• [TASK BRIEF]:
In the copy, include no pictures. Reproduce the rest of the entries exactly.

• [ENTRIES SHOWN]:
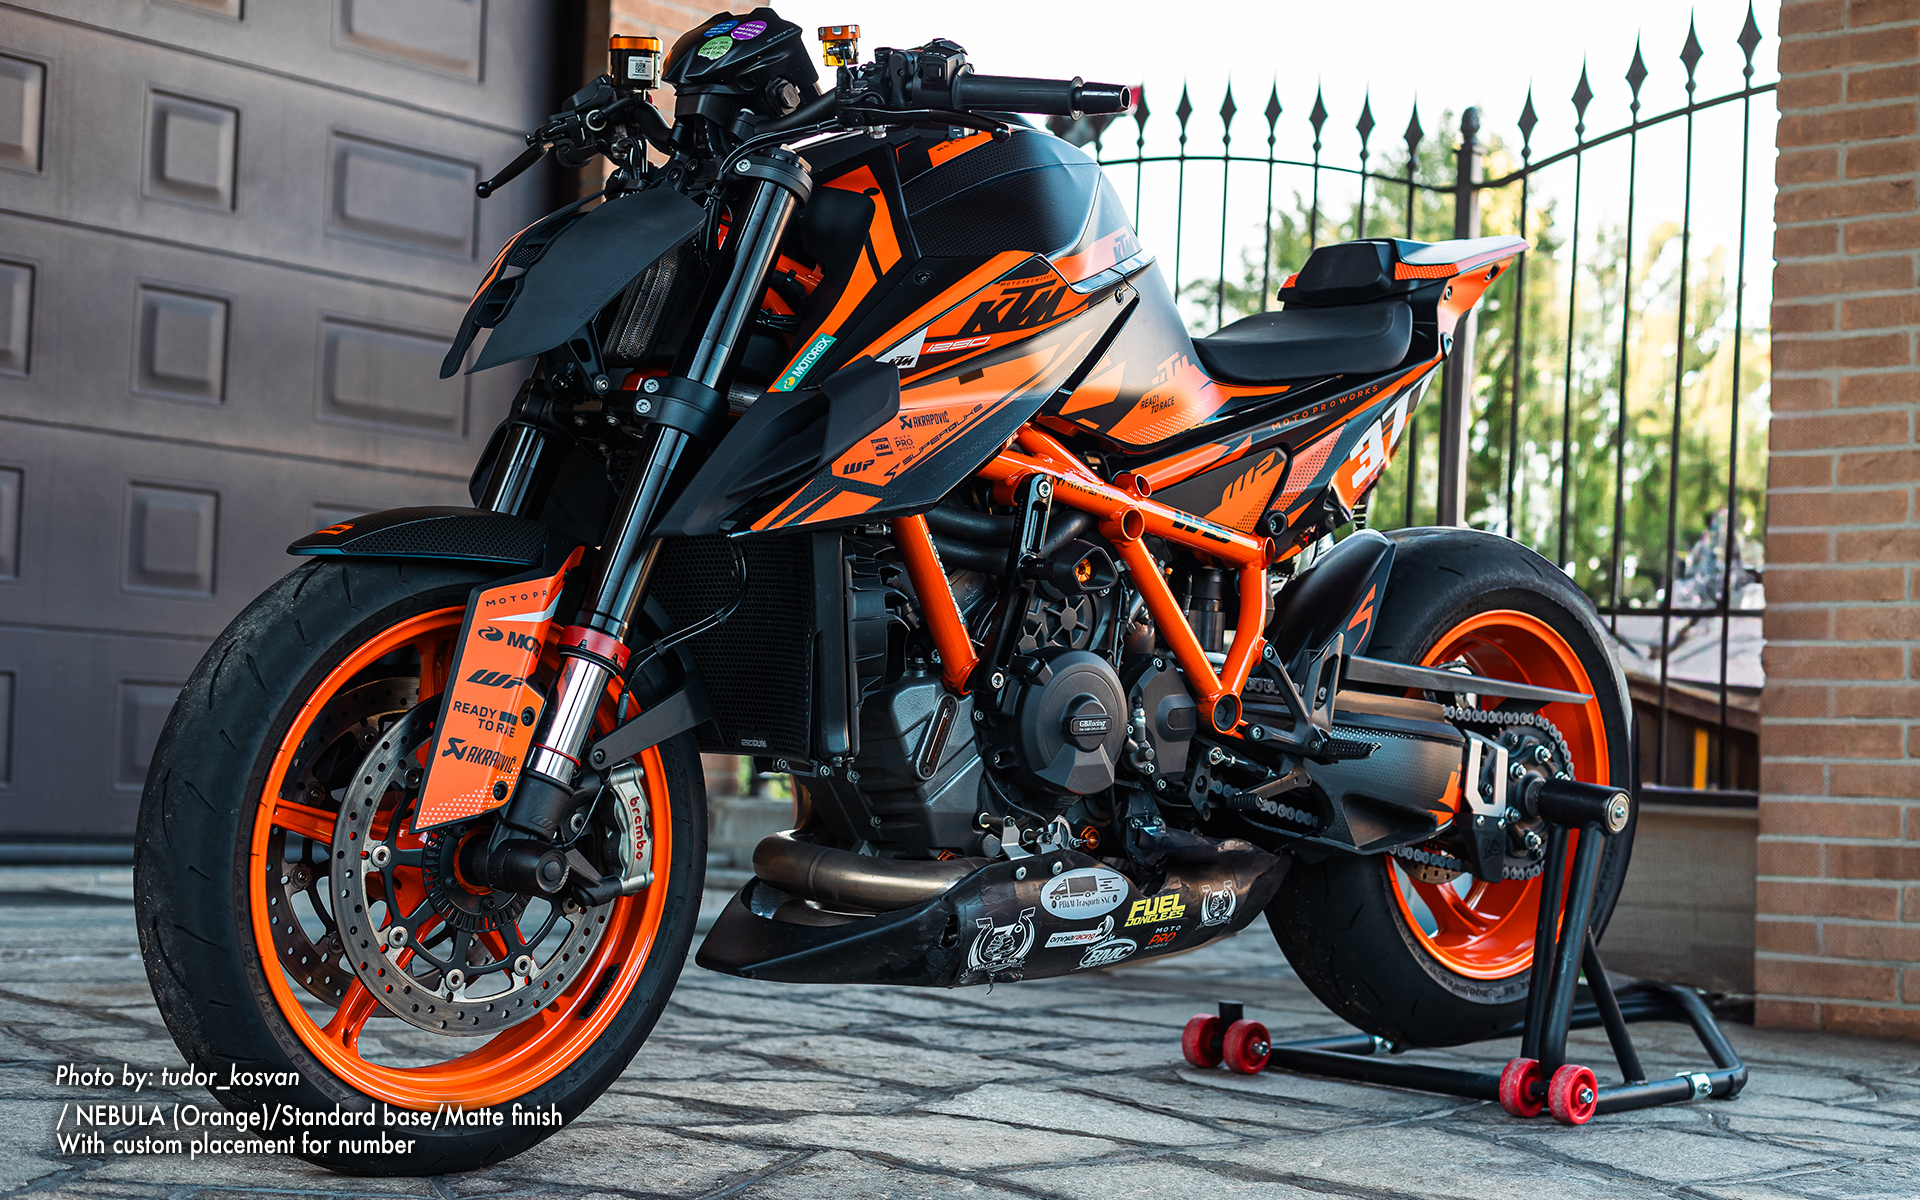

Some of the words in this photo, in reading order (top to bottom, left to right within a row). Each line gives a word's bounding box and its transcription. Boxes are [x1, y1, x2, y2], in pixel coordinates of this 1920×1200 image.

[956, 279, 1068, 337] KTM
[926, 336, 991, 353] 1290
[793, 336, 832, 379] MOTOREX
[1140, 393, 1160, 410] READY
[1151, 403, 1159, 415] TO
[1159, 396, 1174, 411] RACE
[895, 438, 914, 448] PRO
[842, 459, 875, 475] WP
[453, 700, 497, 719] READY
[478, 718, 494, 731] TO
[1079, 719, 1107, 727] GBRacing
[629, 796, 644, 861] brembo
[1128, 893, 1186, 918] FUEL
[1155, 924, 1182, 934] MOTO
[1147, 931, 1177, 946] PRO
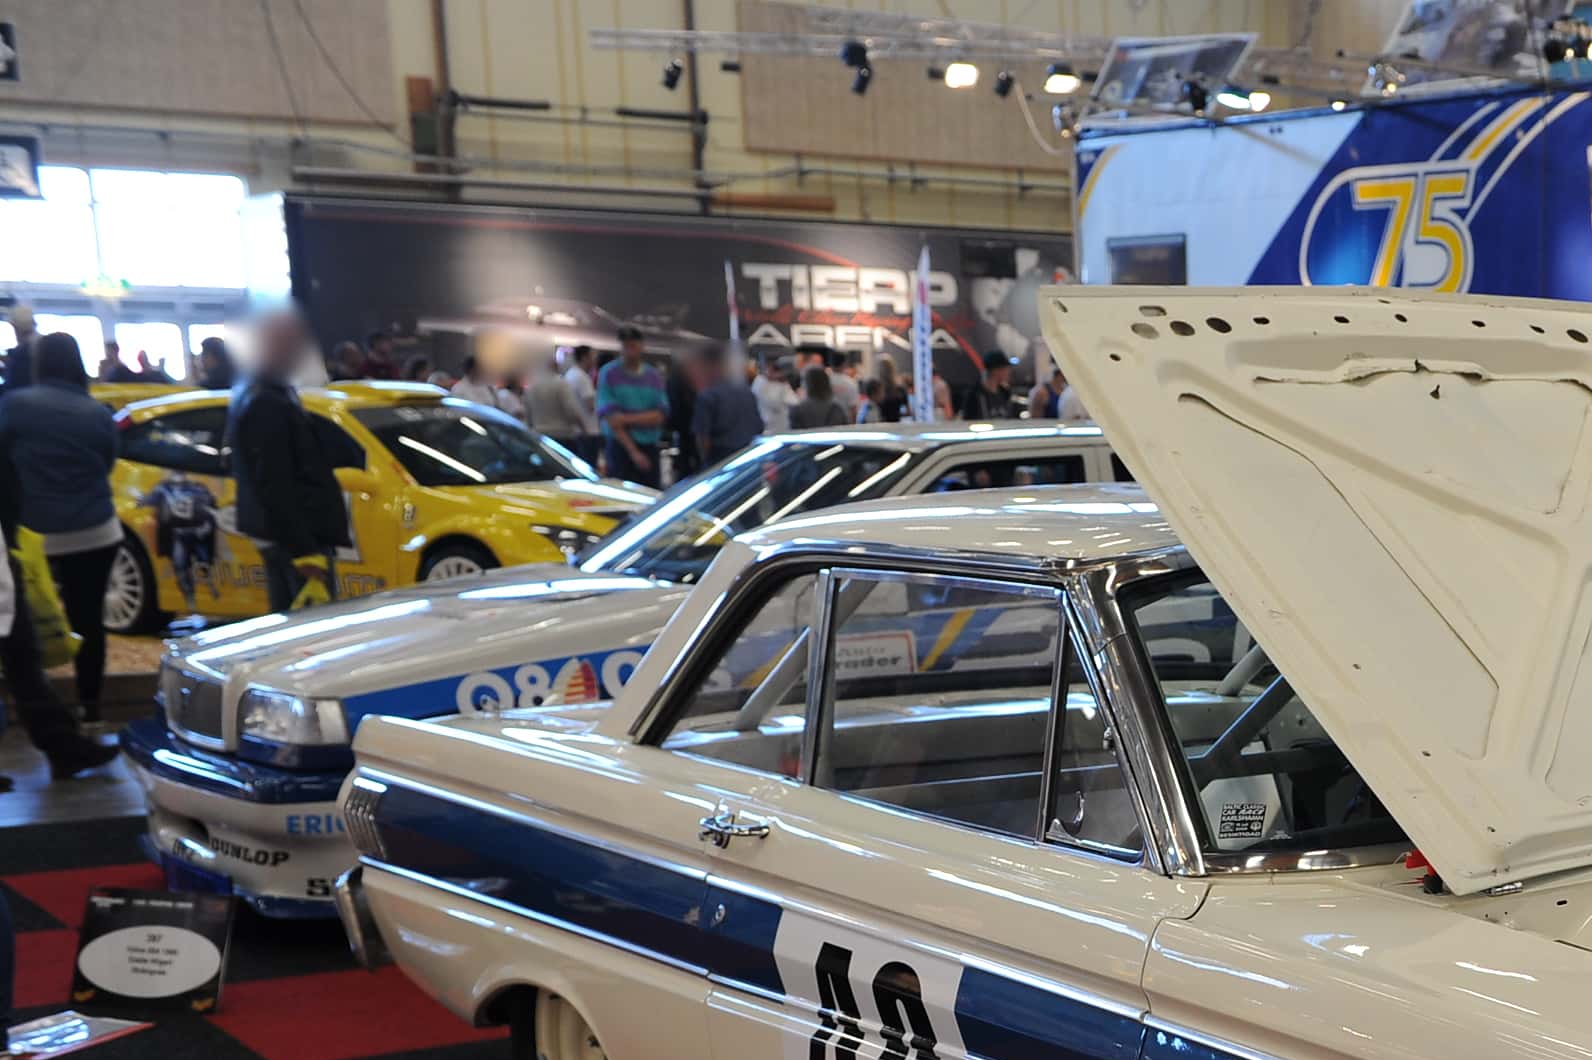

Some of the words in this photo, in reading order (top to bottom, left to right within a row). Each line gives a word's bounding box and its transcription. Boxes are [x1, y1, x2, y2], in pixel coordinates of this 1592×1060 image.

[1352, 168, 1473, 294] 75
[741, 262, 959, 315] TIERP
[748, 322, 959, 351] ARENA
[211, 836, 290, 867] DUNLOP
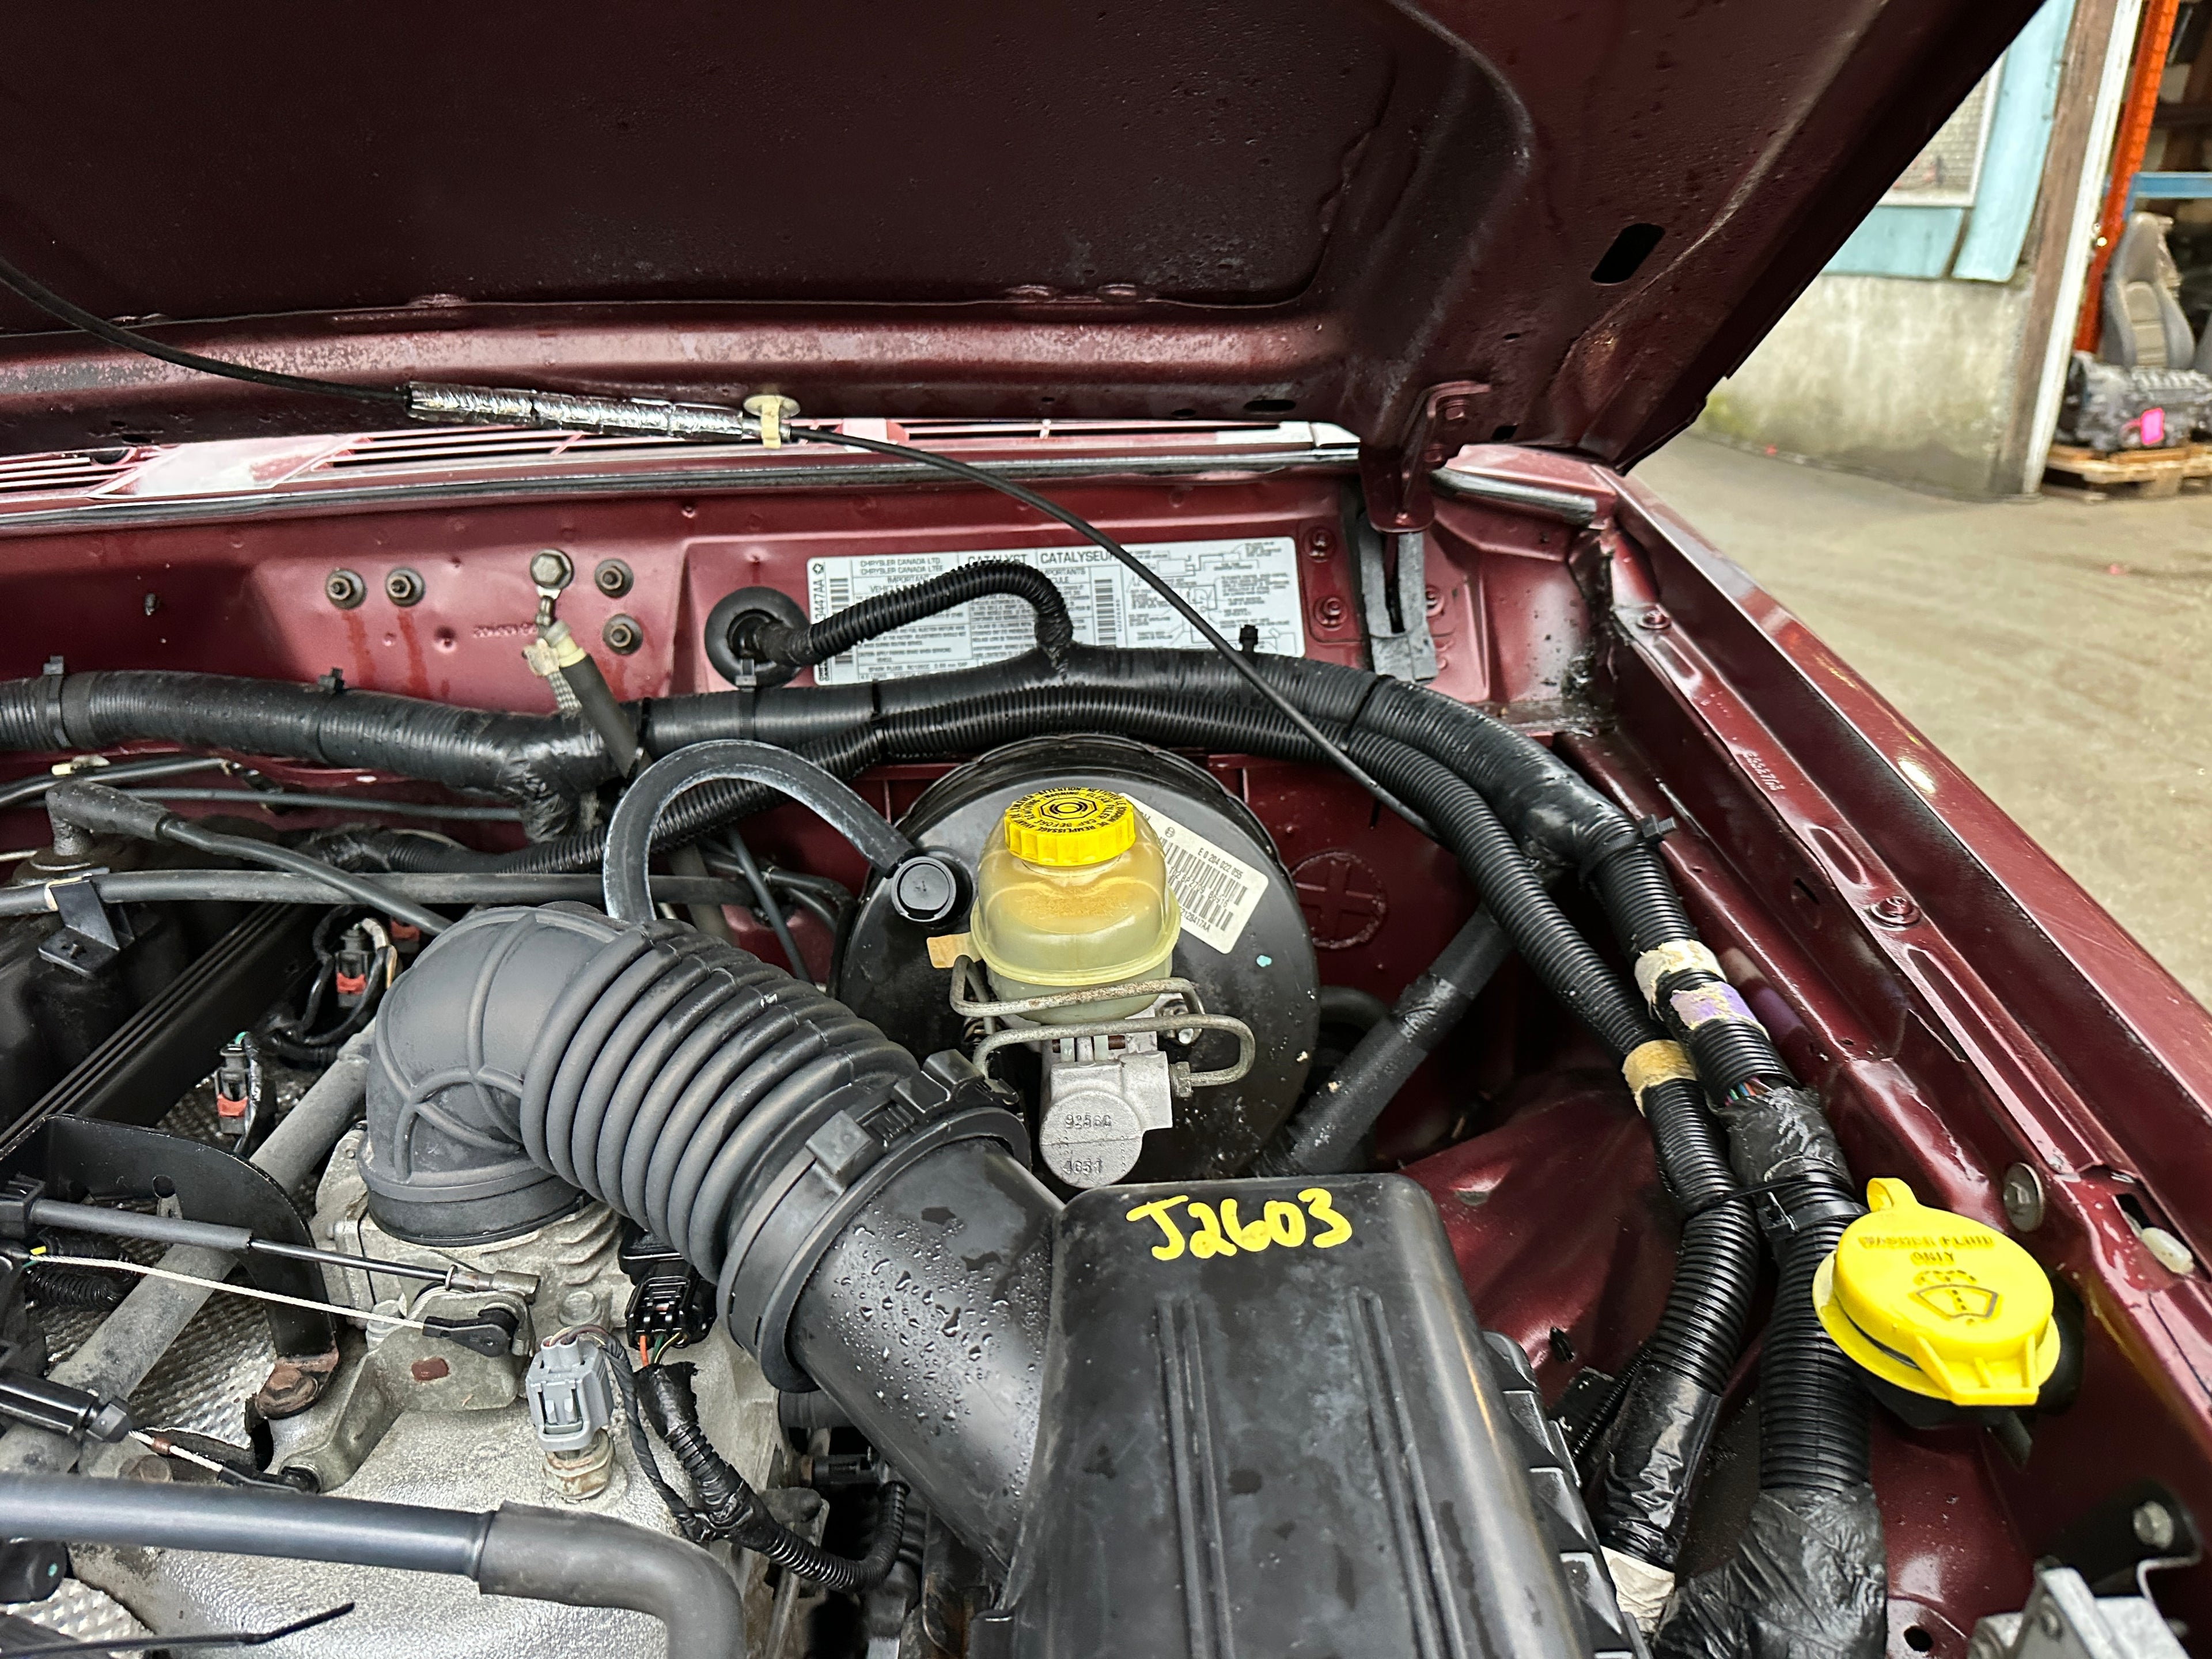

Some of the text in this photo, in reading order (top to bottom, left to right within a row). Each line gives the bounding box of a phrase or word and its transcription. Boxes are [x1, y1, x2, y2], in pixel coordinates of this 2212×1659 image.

[860, 559, 895, 567] CHRYSLER
[861, 567, 896, 575] CHRYSLER
[1198, 848, 1204, 856] E
[1208, 854, 1219, 865] 204
[1219, 861, 1232, 873] 022
[1231, 867, 1243, 879] 055
[1179, 906, 1211, 932] 2128417AA
[1126, 1187, 1353, 1260] J2603
[1939, 1236, 1994, 1247] FLUID
[1910, 1251, 1954, 1266] ONLY

• [EXERCISE RESPONSE]:
Some of the words in this photo, in reading order (top to bottom, left to right within a row). Each line gives a word's bounding box and its transcription. Boxes are [x1, y1, x2, y2], in pixel coordinates of this 1920×1200 image.

[956, 279, 1068, 337] KTM
[926, 336, 991, 353] 1290
[793, 336, 832, 379] MOTOREX
[1140, 393, 1160, 410] READY
[1151, 403, 1159, 415] TO
[1159, 396, 1174, 411] RACE
[895, 438, 914, 448] PRO
[842, 459, 875, 475] WP
[453, 700, 497, 719] READY
[478, 718, 494, 731] TO
[1079, 719, 1107, 727] GBRacing
[629, 796, 644, 861] brembo
[1128, 893, 1186, 918] FUEL
[1155, 924, 1182, 934] MOTO
[1147, 931, 1177, 946] PRO

Some of the words in this photo, in reading order (top to bottom, left to right within a row). Each line gives a word's bounding box and its transcription. Boxes are [x1, y1, x2, y2], in pixel coordinates of this 1592×1060 image.

[1352, 168, 1473, 294] 75
[741, 262, 959, 315] TIERP
[748, 322, 959, 351] ARENA
[211, 836, 290, 867] DUNLOP

Some of the text in this photo, in reading order (top to bottom, left to right within a row). Each line gives the bounding box of a phrase or word and its transcription. Boxes are [x1, y1, x2, y2], in pixel coordinates of this 2212×1659 image.

[860, 559, 895, 567] CHRYSLER
[861, 567, 896, 575] CHRYSLER
[1198, 848, 1204, 856] E
[1208, 854, 1219, 865] 204
[1219, 861, 1232, 873] 022
[1231, 867, 1243, 879] 055
[1179, 906, 1211, 932] 2128417AA
[1126, 1187, 1353, 1260] J2603
[1939, 1236, 1994, 1247] FLUID
[1910, 1251, 1954, 1266] ONLY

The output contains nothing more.